Second, Mr. Surbur is correct that "not every Muslim" was responsible for the violence. This is very similar to the Columbine killings where 'not every Columbine High School student' was a deranged murderer. To blame whole groups of people because a tiny number are sociopathic is so obviously wrong. It is worth noting also that 'not every Christian was a Nazi' and 'not every American is in the KKK'. To make a statement about an enormous group of people based on one twisted and unpopular ideology is obviously not helpful. I'm glad that Don Surbur agrees.
This is where the analogy falls apart a little bit, because in this case, opponents of Cordoba House are attempting to deny to Muslims as a whole a community center, and across the country, new mosques. The Columbine corollary would be if we denied to students as a whole Columbine high school, and stopped the construction of new schools across the country.
The third and strongest aspect of the analogy is that both involve a fundamental right. The Supreme Court recently exposited the fundamental nature of the right to bear arms, and the right to free exercise of religion was highlighted as a natural right of citizens throughout the founding era. It is no surprise that both these rights are being weighed against threats to our security.
This has always been one of the most contentious balances in American political history, and both sides seem to think that we get it wrong about as often as we get it right. After all, it spawned the apocryphal Franklin quote, "They that can give up essential liberty to obtain a little temporary safety deserve neither liberty nor safety."
But to answer the question I immediately asked myself upon reading the analogy, there are 10 gun stores within 10 miles of Columbine High School in Littleton Colorado
The closest gun store, Denver Guns and Ammo, is about 1.5 miles away in a much less dense neighborhood. In Manhattan terms, that's just down the block.

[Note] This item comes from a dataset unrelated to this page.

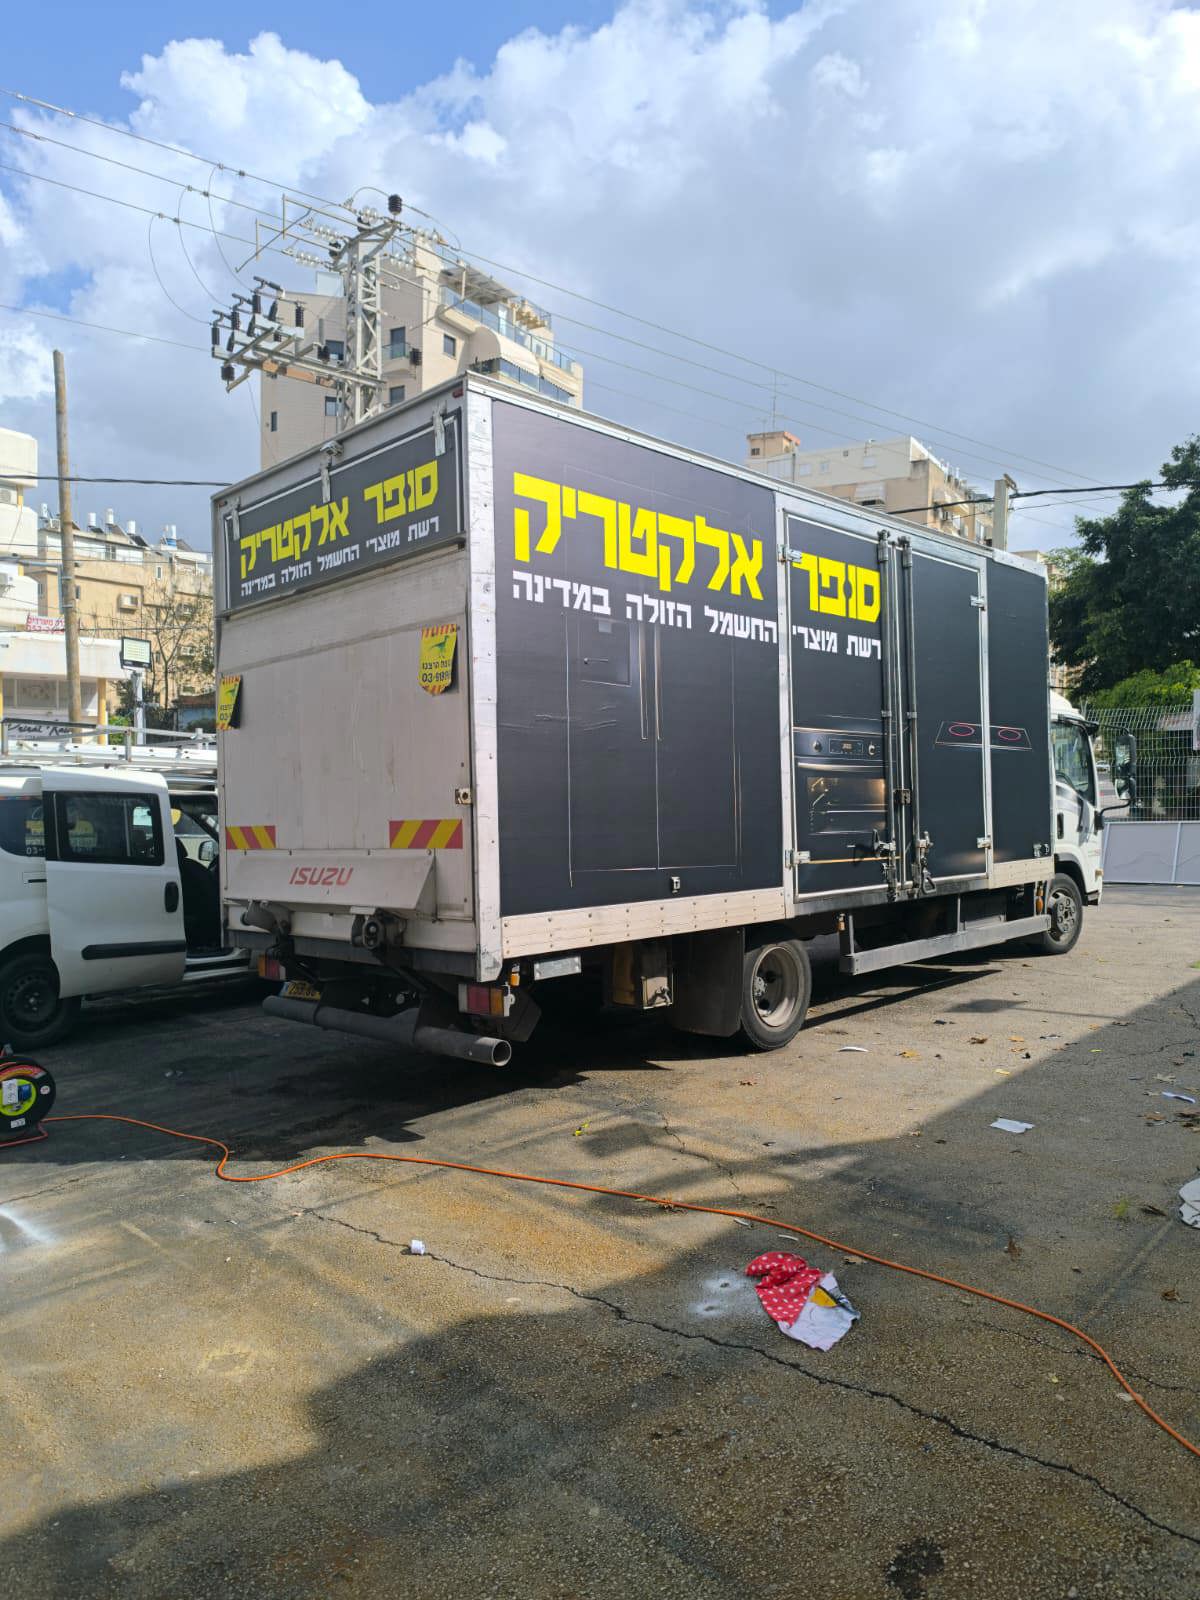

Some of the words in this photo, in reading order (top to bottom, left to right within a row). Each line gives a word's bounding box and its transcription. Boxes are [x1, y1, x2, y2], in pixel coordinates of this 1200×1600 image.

That's why this is a good analogy.
Building an Islamic community center two blocks north of Vesey Street would fit very well into how Americans deal with constitutional issues: rationally and without prejudice.

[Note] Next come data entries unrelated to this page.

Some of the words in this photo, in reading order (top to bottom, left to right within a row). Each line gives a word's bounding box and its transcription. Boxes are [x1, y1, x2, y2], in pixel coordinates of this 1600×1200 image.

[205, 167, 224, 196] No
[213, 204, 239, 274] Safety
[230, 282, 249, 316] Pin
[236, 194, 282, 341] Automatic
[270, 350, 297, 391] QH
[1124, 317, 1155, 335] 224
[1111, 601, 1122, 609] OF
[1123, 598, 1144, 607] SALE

Americans care about their core values. Even in the immediate aftermath of a national tragedy, we tend to stick to our core values, which include the freedom to guns and god. Any laws touching a right deemed fundamental must meet a standard of compelling state interest. The objections of the anti-Cordoba crowed doesn't even come close to being compelling let alone a reasonable state interest. in the end, the partisans pushing this issue in order bring out more anger among GOP base voters are going to end up hurting themselves once everyone calms down and realizes what's going on. Our job is to give them enough rope.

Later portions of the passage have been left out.